Pictures stay out of the copy; set down each line of the listing below exactly.

── Data for this task ──

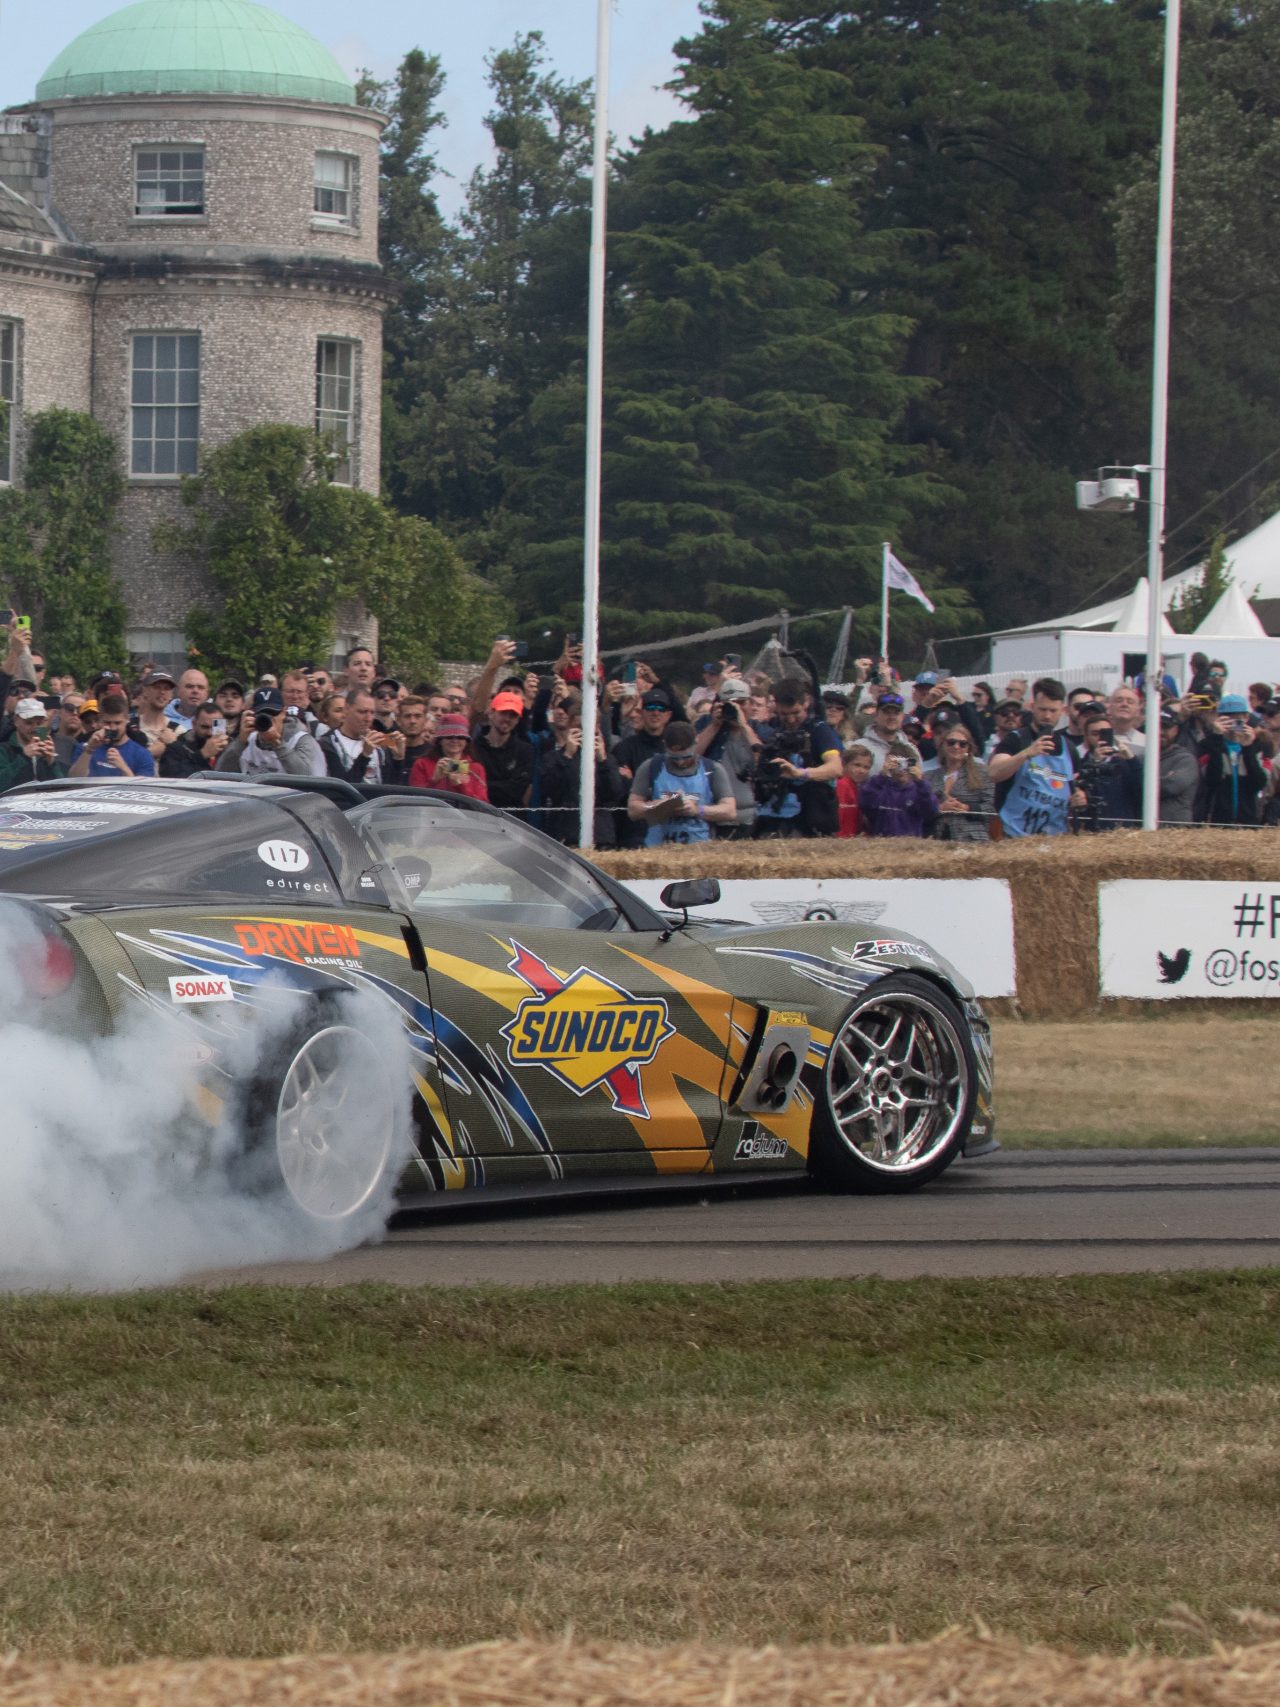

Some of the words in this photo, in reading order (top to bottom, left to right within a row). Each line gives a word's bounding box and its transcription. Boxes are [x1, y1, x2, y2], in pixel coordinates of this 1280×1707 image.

[268, 846, 299, 864] 117
[234, 923, 361, 965] DRIVEN
[303, 956, 346, 967] RACING
[345, 959, 363, 969] OIL
[175, 981, 226, 997] SONAX
[516, 1009, 661, 1054] SUNOCO
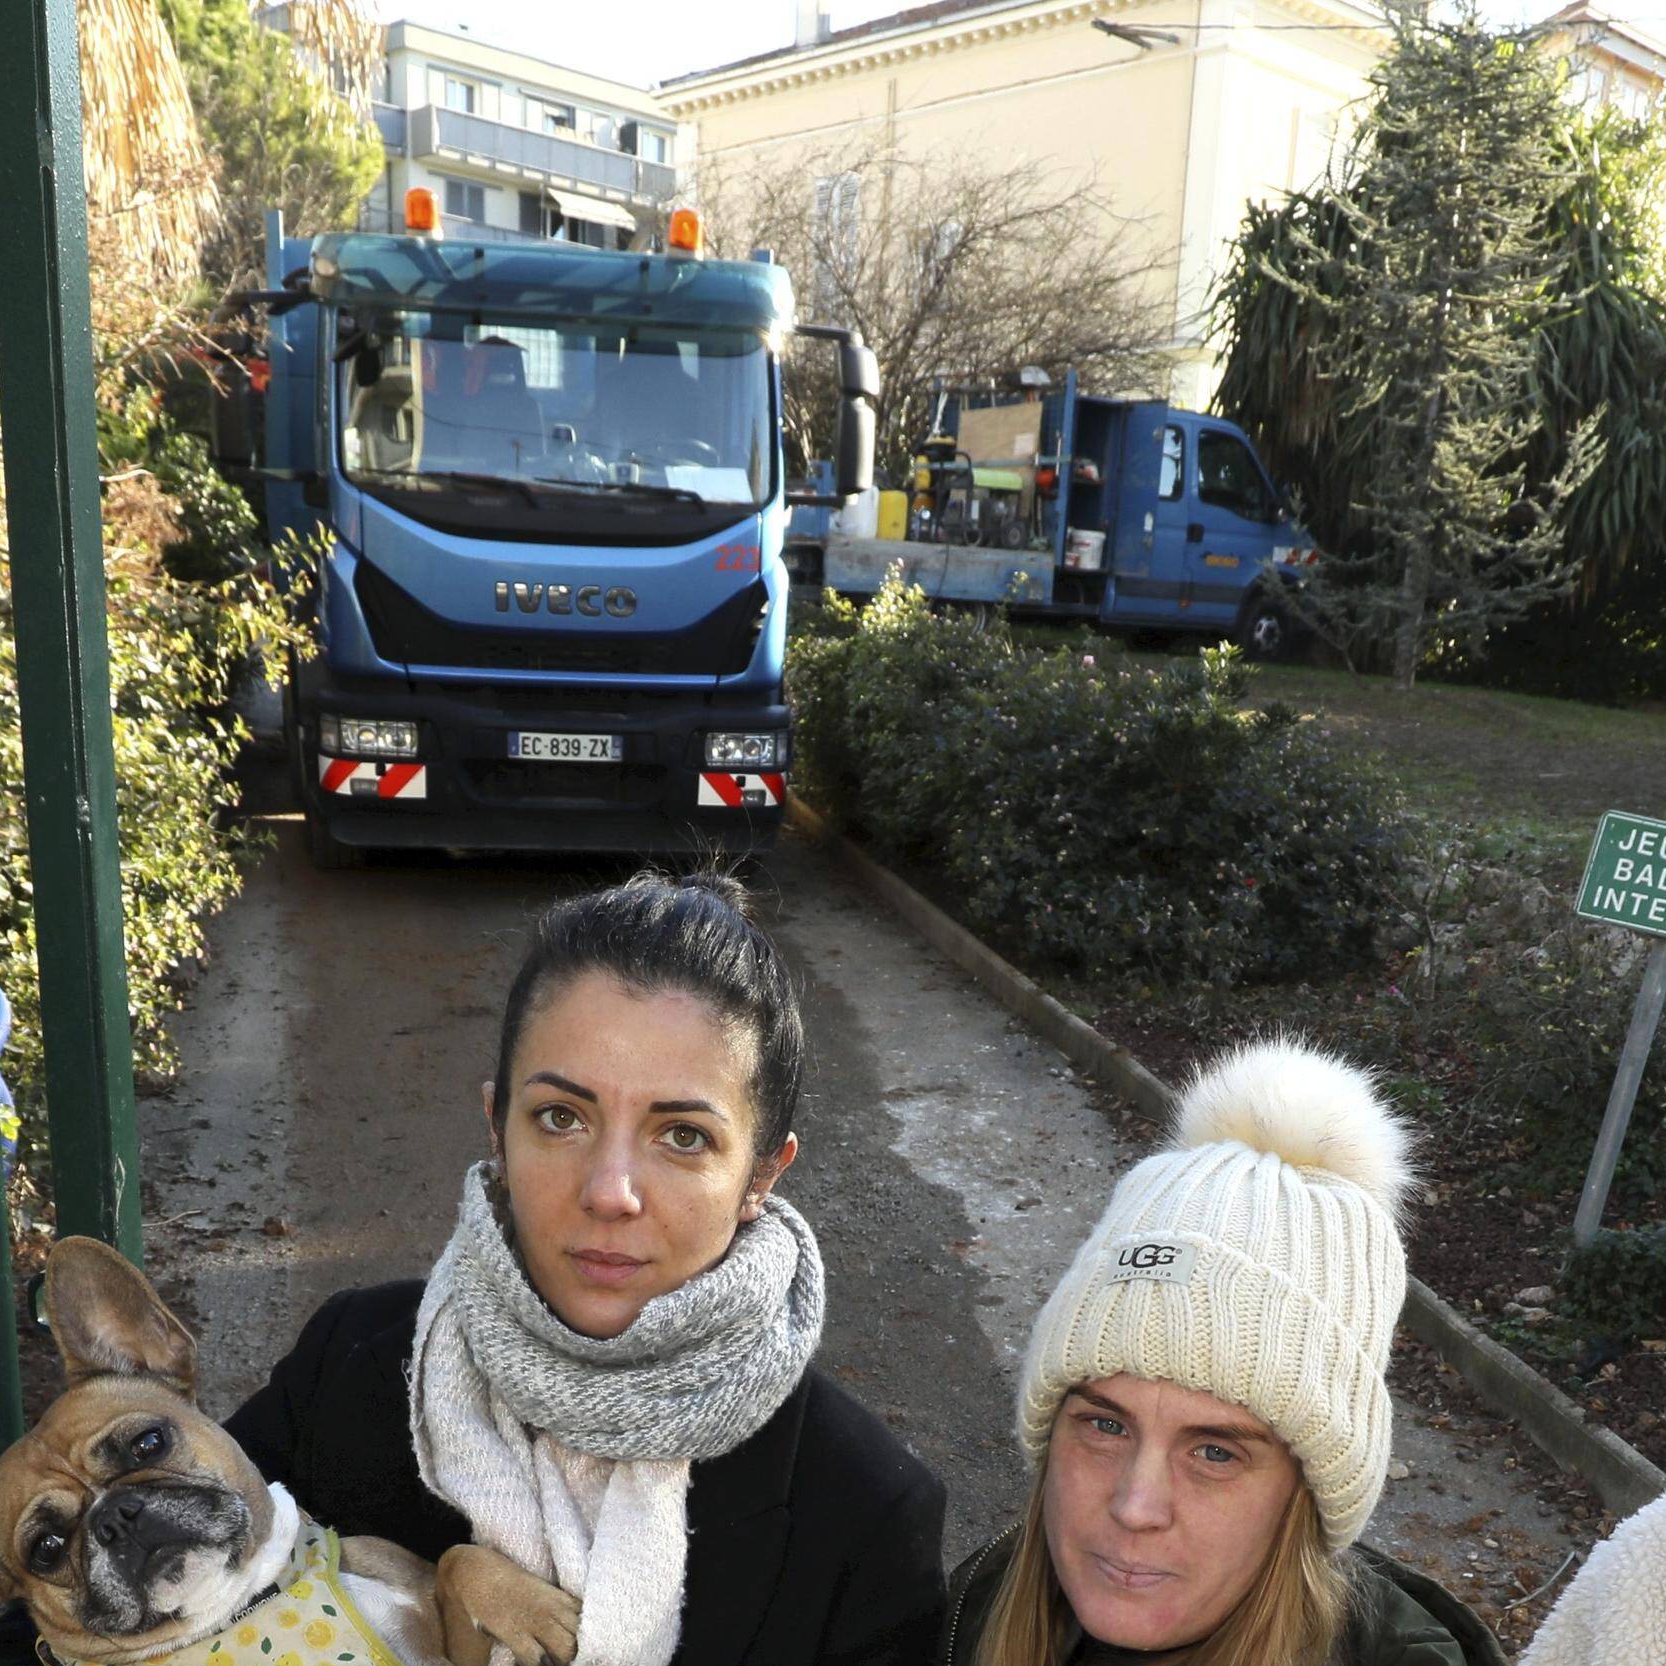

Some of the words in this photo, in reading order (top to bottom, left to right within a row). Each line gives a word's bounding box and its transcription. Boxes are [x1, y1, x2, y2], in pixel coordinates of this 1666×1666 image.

───

Answer for this exercise
Some of the words in this photo, in reading order (top to bottom, left to right within a row). Each line gives a word's bounding box and its transcription. Boxes are [x1, y1, x2, y2], in pixel coordinates of this 1280×1707 image.

[268, 846, 299, 864] 117
[234, 923, 361, 965] DRIVEN
[303, 956, 346, 967] RACING
[345, 959, 363, 969] OIL
[175, 981, 226, 997] SONAX
[516, 1009, 661, 1054] SUNOCO

Some of the words in this photo, in reading order (top to bottom, left to right within a row). Each line gives a word's bounding box and its transcription. Boxes are [x1, y1, x2, y2], in pixel coordinates of this 1666×1666 image.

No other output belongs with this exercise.